Written by YumCha! Editorial Team Tell a Friend

On the last day of 2014, let's take some time to replay the music that made the year better. Here are our favorite Chinese, Korean and Japanese albums of 2014!


2NE1 - Crush
In the album's first track Crush, 2NE1 declares with an emphatic hair flip: "They love me cuz I'm real / They love me cuz I kill." Can't argue with that. 2NE1 is still bringing the fist-pumping girl power and addictive hooks, but this album also sees the YG creative team (mainly Teddy, Choice 37, Dee.P and Choi Pil Kang) wisely toning down the bombastic elements of previous records in favor of more approachable songs. We're able to hear a more mature and expressive 2NE1 in the slower songs as well as title tracks Come Back Home, the most soulful of the group's reggae-influenced tracks to date, and "Gotta Be You" which, despite sounding like it belongs on a Big Bang album, has a satisfying belting pop refrain.

Akdong Musician - Play
After winning K-pop Star 2, Akdong Musician, made up of supremely talented siblings Lee Chan Hyuk and Lee Soo Hyun, released their debut album this year. Entirely composed, written and produced by brother Chan Hyuk, Play is a wonderfully assured debut filled with the adorably sweet and peppy acoustic-driven tunes the brother-sister duo is known for. The album alternately makes you want to sing and dance along or sit under a tree and sway gently to the music, so it's perfect that it was released in springtime.

BTS - Skool Luv Affair
Rising quickly in popularity among K-pop's most important target demographic since their debut last year, BTS kicked off their second calendar year with Skool Luv Affair, a record that can best be summed up as dance-like-nobody's-watching fun. Smartly combining hip-hop and teen angst into unabashedly catchy tracks, Skool Luv Affair features the type of enjoyably rowdy songs that you listen to on a Monday morning to psych yourself up for the week ("Boy In Luv"), as well as a couple of slightly slower numbers that are no less ear-catching (Just One Day).

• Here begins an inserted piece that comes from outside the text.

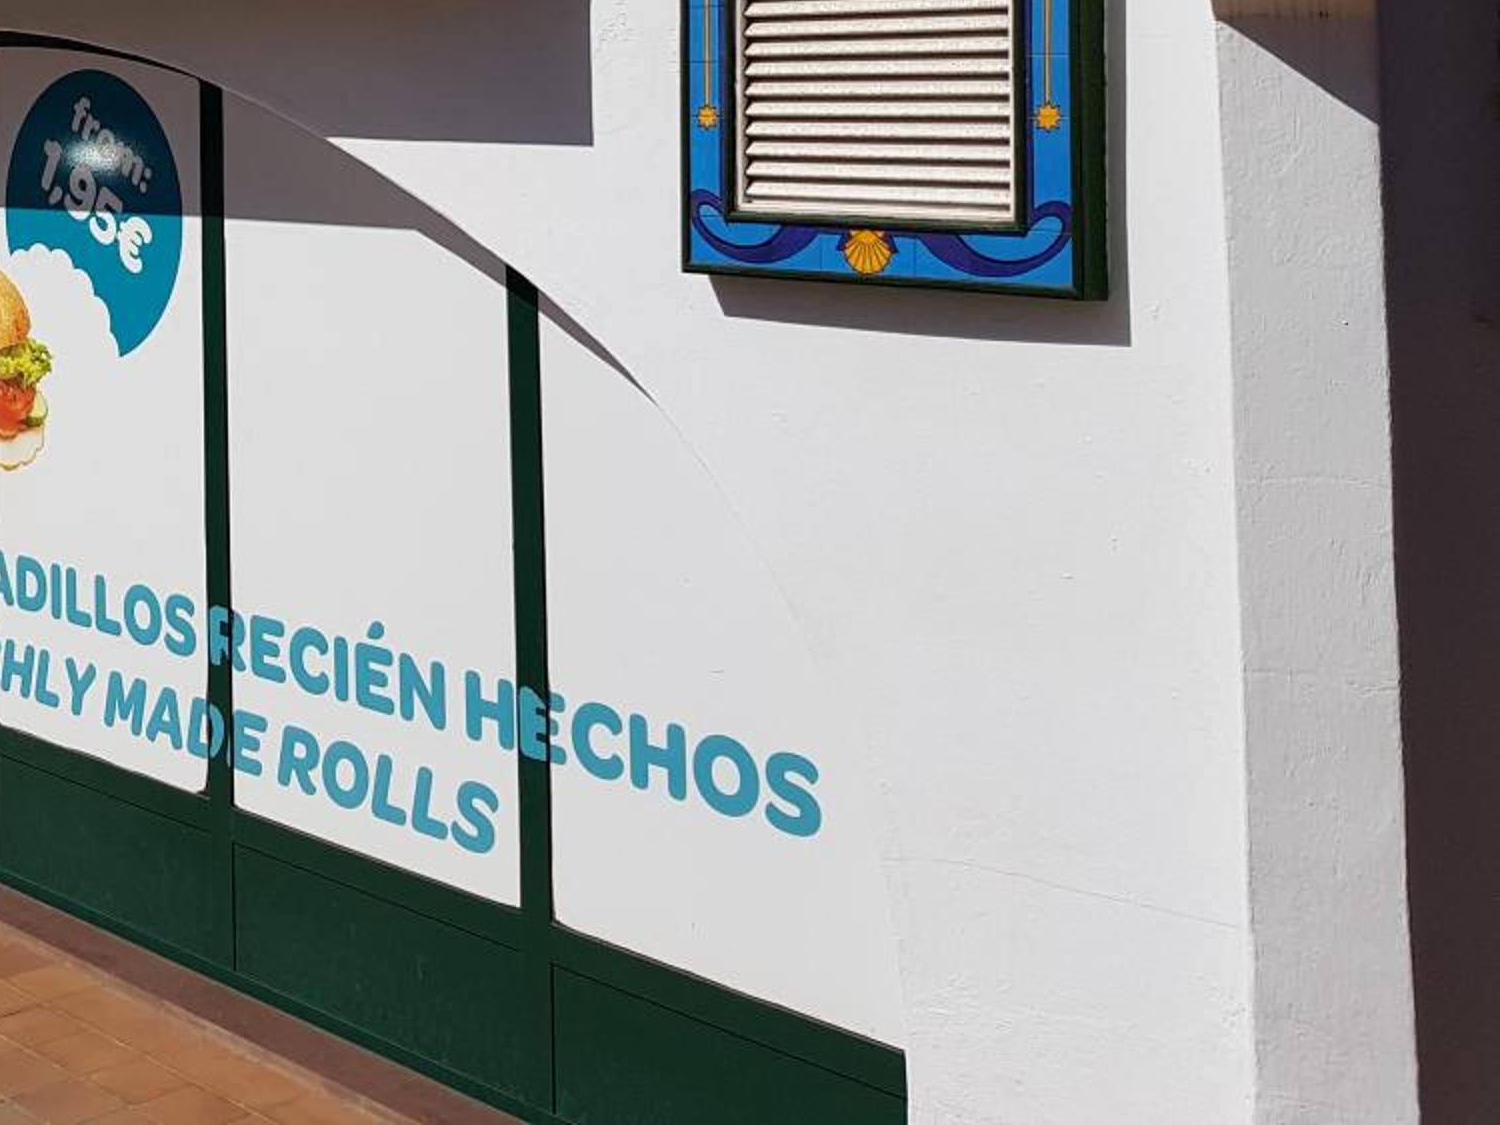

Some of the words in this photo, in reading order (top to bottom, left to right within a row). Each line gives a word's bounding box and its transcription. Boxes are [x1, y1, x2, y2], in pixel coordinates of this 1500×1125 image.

The Barberettes - The Barberettes #1
"Retro" is more than a concept for The Barberettes; it's their identity. The 50s/60s-style indie trio embraces the doo-wop sound of a previous era in their utterly delightful debut album that is bound to bring smiles to faces. The group wraps listeners in their lovely vocal harmony and yesteryear arrangements on nostalgic and playful songs like the gentle and coy "Little Gals" and the foot-tapping Kukerichoo. The sound and feel of the album remain very consistent while covering styles as varied as the melancholic lounge ballad Mrs. Lonely, the gospel-inspired clap-along "When It's Raining" and a guitar-strumming remake of the classic folk song "Spring's Greetings."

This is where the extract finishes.